From the supply side, it will include the air compressor, after-cooler, dryer, and receiver tank that produce and treat the compressed air.  They are generally found in a compressor room somewhere in the corner of the plant.  The air compressor, like the engine of your car, produces the pneumatic power for your plant, and needs to have maintenance to keep it working optimally.  The oil needs to be changed, the filters have to be replaced, and maintenance checks have to be performed.  I wrote a blog that covers most of these items, “Compressed Air System Maintenance”.

To connect the supply side to the demand side, a distribution system is required.  Distribution systems are pipes which carry compressed air from the air compressor to the pneumatic devices.  Just like the transmission on the car, the power is transferred from the air compressor to your pneumatic products.

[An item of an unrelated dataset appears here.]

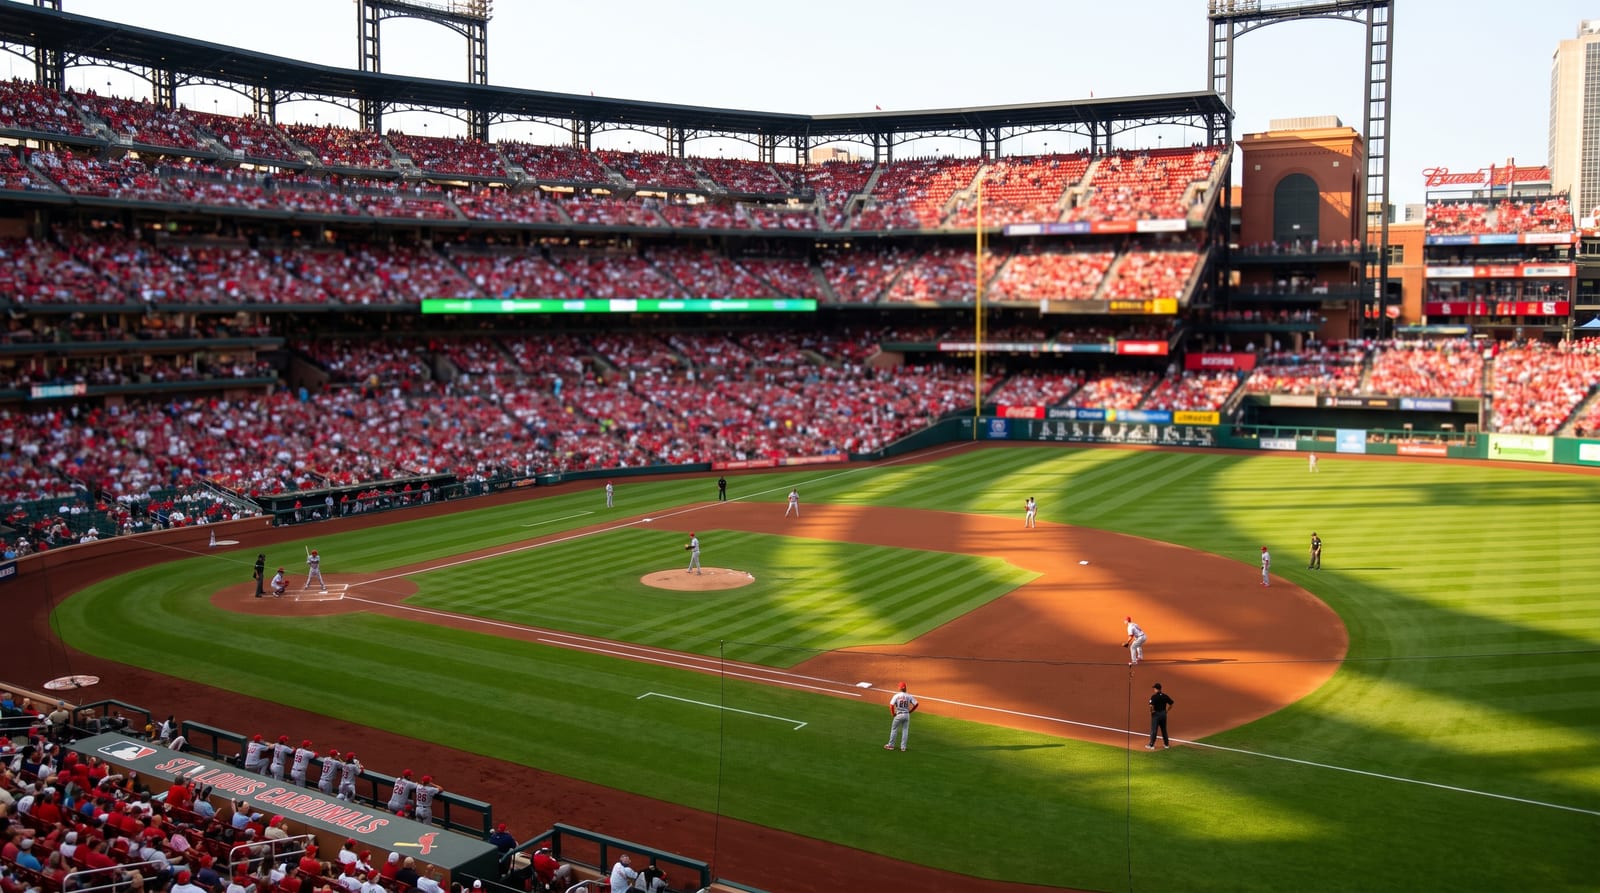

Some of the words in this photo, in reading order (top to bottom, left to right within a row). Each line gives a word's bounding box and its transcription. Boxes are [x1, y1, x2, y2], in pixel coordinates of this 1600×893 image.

Maintenance is generally overlooked in this area.  Transmissions have oil which can be detected if it is leaking, but since air is a gas, it is hard to tell if you have leaks.  Energy is lost from your pneumatic “engine” for every leak that you have.  So, it is important to find and fix them.  A study was conducted within manufacturing plants about compressed air leaks.  They found that for plants without a leak detection program, up to 30% of their compressed air is lost due to leaks.  This will be equivalent to running on only 6 cylinders in a V-8 engine.

EXAIR offers the Ultrasonic Leak Detector to find those pesky leaks.  It makes the inaudible “hiss”; audible.  It can detect leaks as far as 20 feet (6m) away with the parabola attachment, and can find the exact location of the leak to be fixed with the tube attachment.

Another area for discussion with the distribution system is contamination like rust, oil, water, and debris.  Compressed air filters should be used to clean the compressed air that supplies your pneumatic products. They can remove the debris for your pneumatic products to have a long life.  You can read about the EXAIR compressed air filters here, “Preventative Maintenance for EXAIR Filters”.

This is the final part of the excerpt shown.